Hepatite B na Gravidez: Marcadores e Transmissão Vertical

UERN - Universidade do Estado do Rio Grande do Norte — Prova 2025

Enunciado

Francisca, 33 anos, está grávida há dois meses. Muito preocupada, durante a consulta com o médico de família e comunidade, em sua UBS, questionou sobre os exames de hepatite. Sua preocupação era porque no ano passado tinha apresentado um quadro de icterícia com diarréia, embora não tenha relatado contato com sangue e tenha tido contato sexual apenas com seu parceiro. Sabendo da preocupação em relação à hepatite B, assinale abaixo a questão mais CORRETA.

Alternativas

  1. A) O anti-HBs (anticorpo superficial do vírus da hepatite B) em altos níveis identifica imunidade. É um marcador que serve como resposta vacinal.
  2. B) O HBsAg (antígeno de superfície do vírus da hepatite B) é o primeiro marcador a aparecer, muitas vezes antes da sintomatologia de hepatite, estando presente no portador crônico.
  3. C) O HBsAg presente em mulheres grávidas representa um risco de transmissão vertical.
  4. D) Todas as respostas estão corretas.

Pérola Clínica

HBsAg em gestante → risco transmissão vertical; anti-HBs = imunidade (vacina/infecção prévia).

Resumo-Chave

A sorologia para hepatite B é crucial na gestação. O HBsAg positivo indica infecção ativa e risco de transmissão vertical, enquanto o anti-HBs em níveis elevados confere imunidade, seja por vacinação ou infecção prévia resolvida. O HBsAg é o primeiro marcador a surgir e persiste na cronicidade.

Contexto Educacional

A hepatite B é uma infecção viral que representa um desafio significativo na saúde pública, especialmente em gestantes, devido ao risco de transmissão vertical. A triagem sorológica é fundamental no pré-natal para identificar mulheres HBsAg positivas e implementar estratégias de prevenção. A compreensão dos marcadores sorológicos é essencial para o diagnóstico e manejo adequados. A fisiopatologia da hepatite B envolve a replicação viral no fígado, levando a diferentes fases da doença. O HBsAg é o antígeno de superfície do vírus e sua presença indica infecção. O anti-HBs é um anticorpo protetor que confere imunidade. O diagnóstico é feito pela combinação desses marcadores. Em gestantes, a detecção do HBsAg é um alerta para o risco de transmissão vertical, que pode ser minimizado com imunoprofilaxia no recém-nascido. O tratamento da hepatite B crônica visa suprimir a replicação viral e prevenir a progressão da doença hepática. Em gestantes HBsAg positivas com alta carga viral, pode ser indicada terapia antiviral no terceiro trimestre para reduzir ainda mais o risco de transmissão.

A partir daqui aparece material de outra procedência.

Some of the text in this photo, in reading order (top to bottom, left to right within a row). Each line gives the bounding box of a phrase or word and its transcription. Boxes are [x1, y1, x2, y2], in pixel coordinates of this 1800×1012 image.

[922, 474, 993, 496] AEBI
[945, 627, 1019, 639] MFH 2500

O prognóstico varia de acordo com a fase da doença e a resposta ao tratamento, mas a prevenção da transmissão vertical é um pilar fundamental para evitar a cronicidade em neonatos.

Perguntas Frequentes

Quais são os principais marcadores sorológicos da hepatite B e seus significados?

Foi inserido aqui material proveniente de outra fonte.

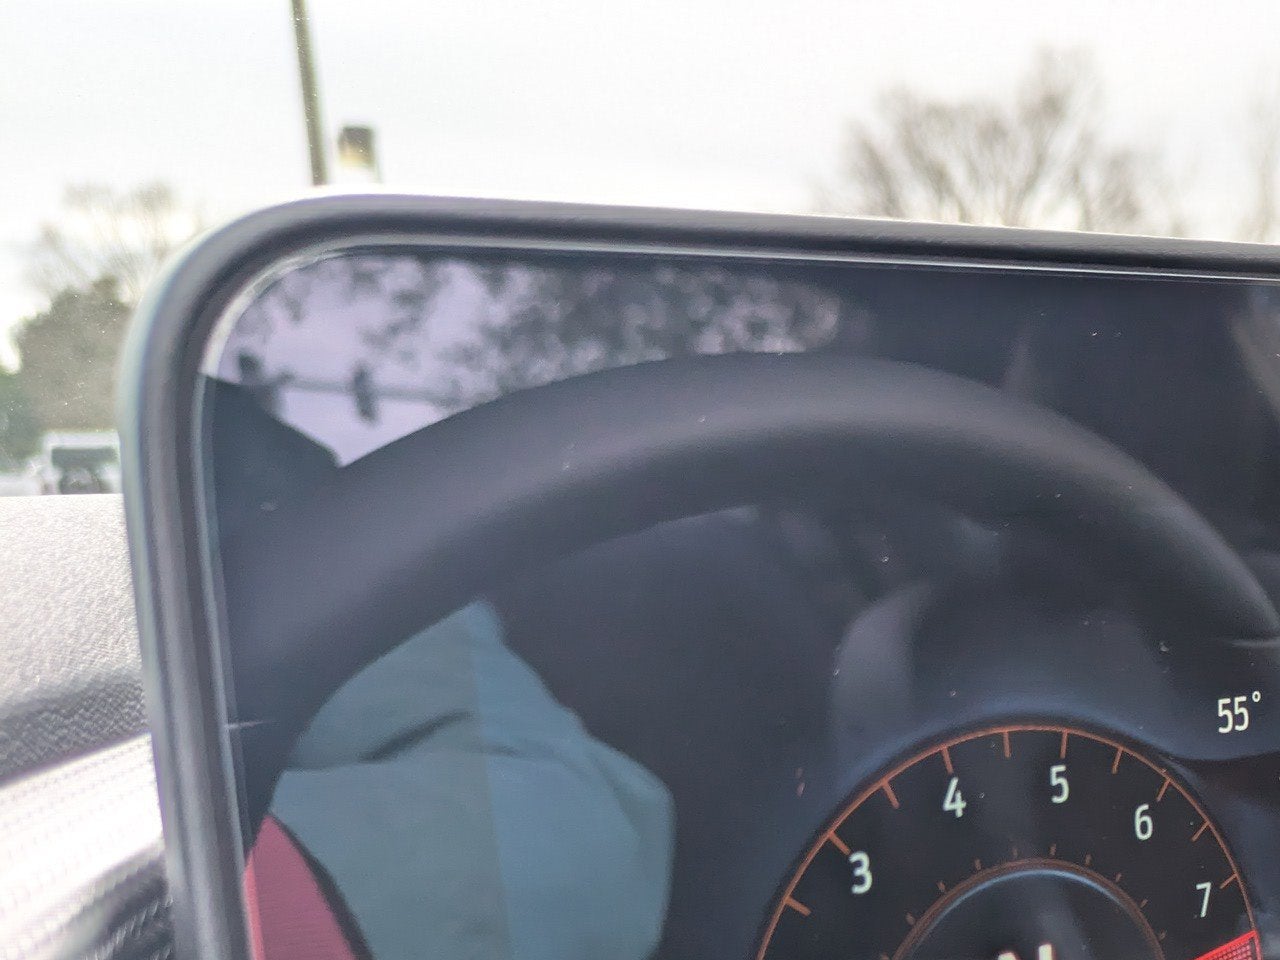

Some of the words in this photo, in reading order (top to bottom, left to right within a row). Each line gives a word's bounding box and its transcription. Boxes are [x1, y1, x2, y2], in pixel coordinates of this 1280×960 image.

O HBsAg indica infecção ativa (aguda ou crônica). O anti-HBs indica imunidade protetora (pós-vacina ou infecção resolvida). O anti-HBc total indica contato prévio com o vírus.

Por que a triagem para hepatite B é importante durante a gravidez?

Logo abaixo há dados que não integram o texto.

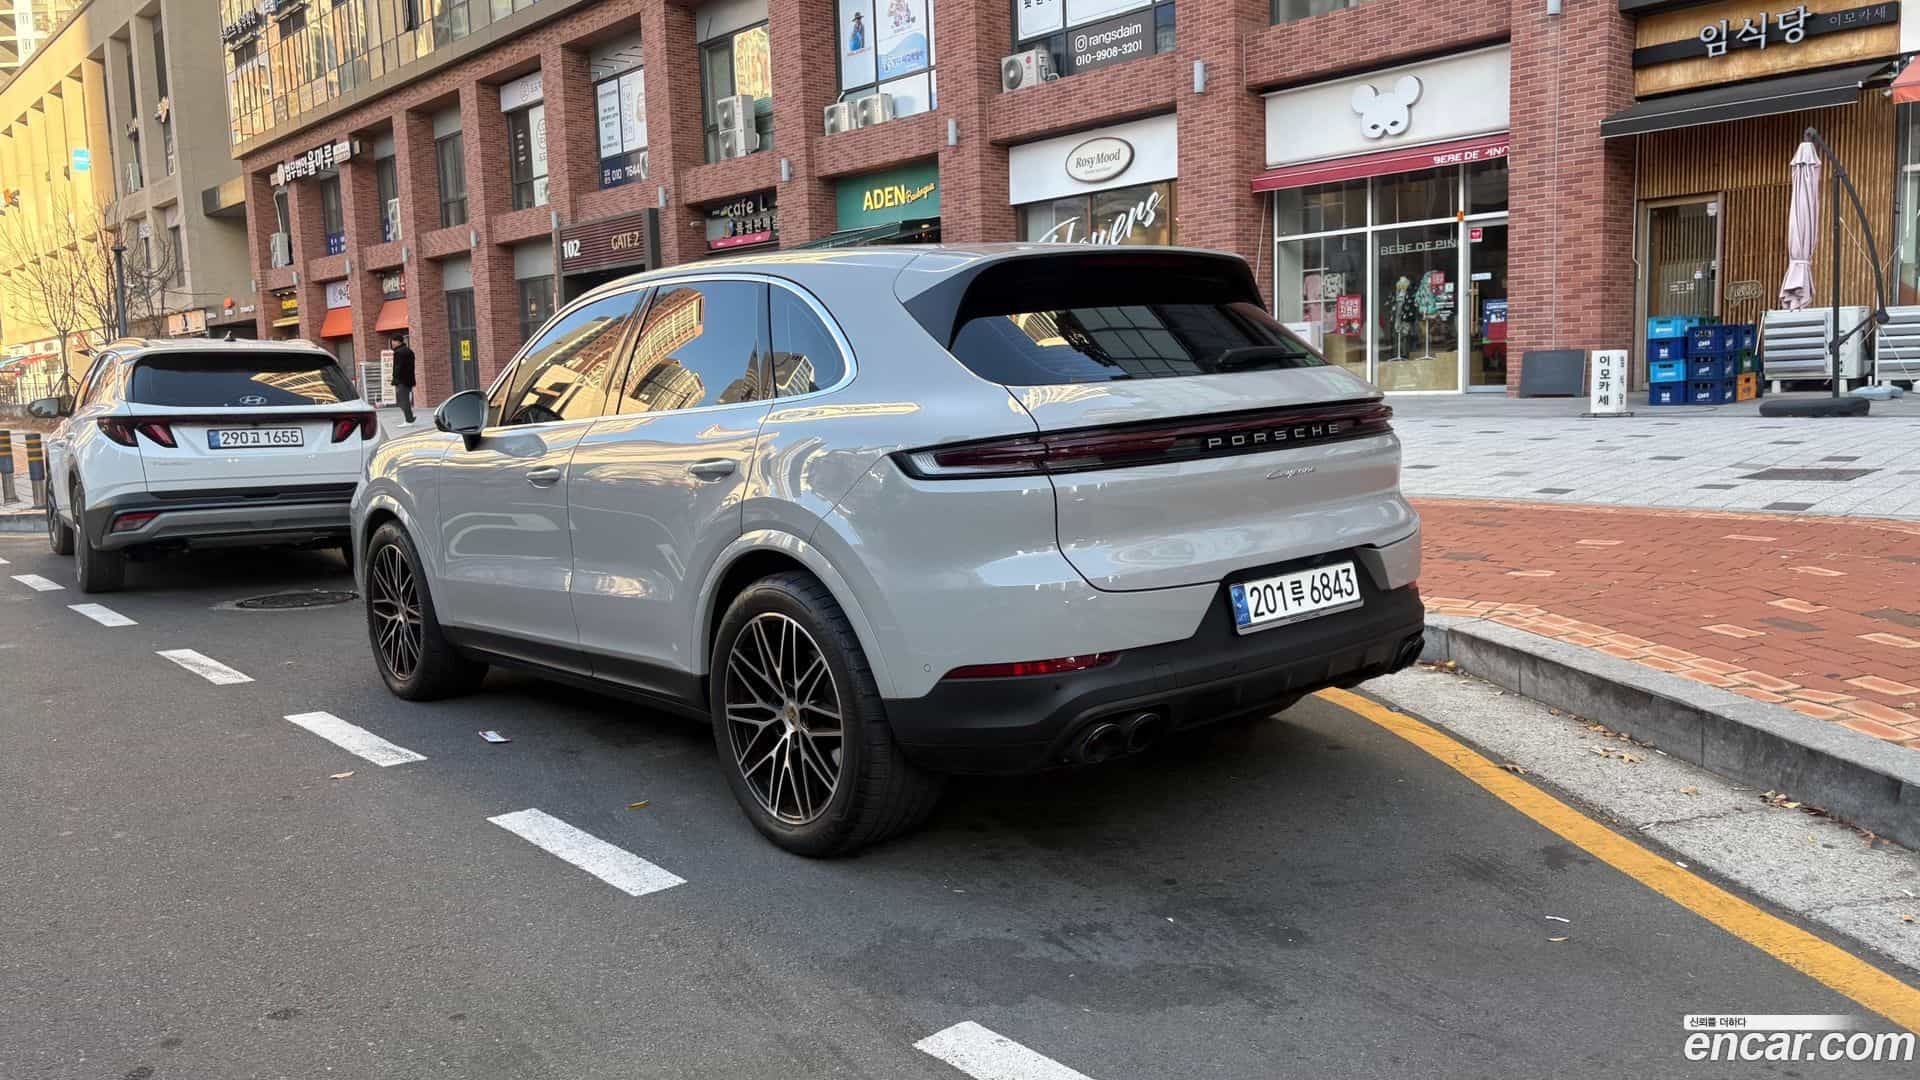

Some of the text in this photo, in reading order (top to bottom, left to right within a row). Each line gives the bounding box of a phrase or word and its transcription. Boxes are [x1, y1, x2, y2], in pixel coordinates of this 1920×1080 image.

[1089, 23, 1142, 46] rangsdaim
[1700, 5, 1887, 58] 임식당 이모카세
[1075, 40, 1142, 66] 010-9908-3201
[1075, 148, 1121, 168] Rosy Mood
[1464, 150, 1480, 160] DE
[728, 194, 767, 217] cafe L
[863, 184, 905, 211] ADEN
[562, 240, 581, 258] 102
[1381, 239, 1457, 255] BEBE DE PIN
[1598, 355, 1611, 406] 이모카세
[264, 431, 299, 444] 1655
[1208, 424, 1339, 448] PORSCHE
[1249, 568, 1354, 618] 201루 6843

A triagem é crucial para identificar gestantes HBsAg positivas e implementar medidas preventivas para reduzir o risco de transmissão vertical do vírus para o recém-nascido, como imunoprofilaxia.

Qual a relação entre o HBsAg e a cronicidade da hepatite B?

O HBsAg é o primeiro marcador a aparecer na infecção aguda. Sua persistência por mais de seis meses caracteriza a infecção crônica pelo vírus da hepatite B.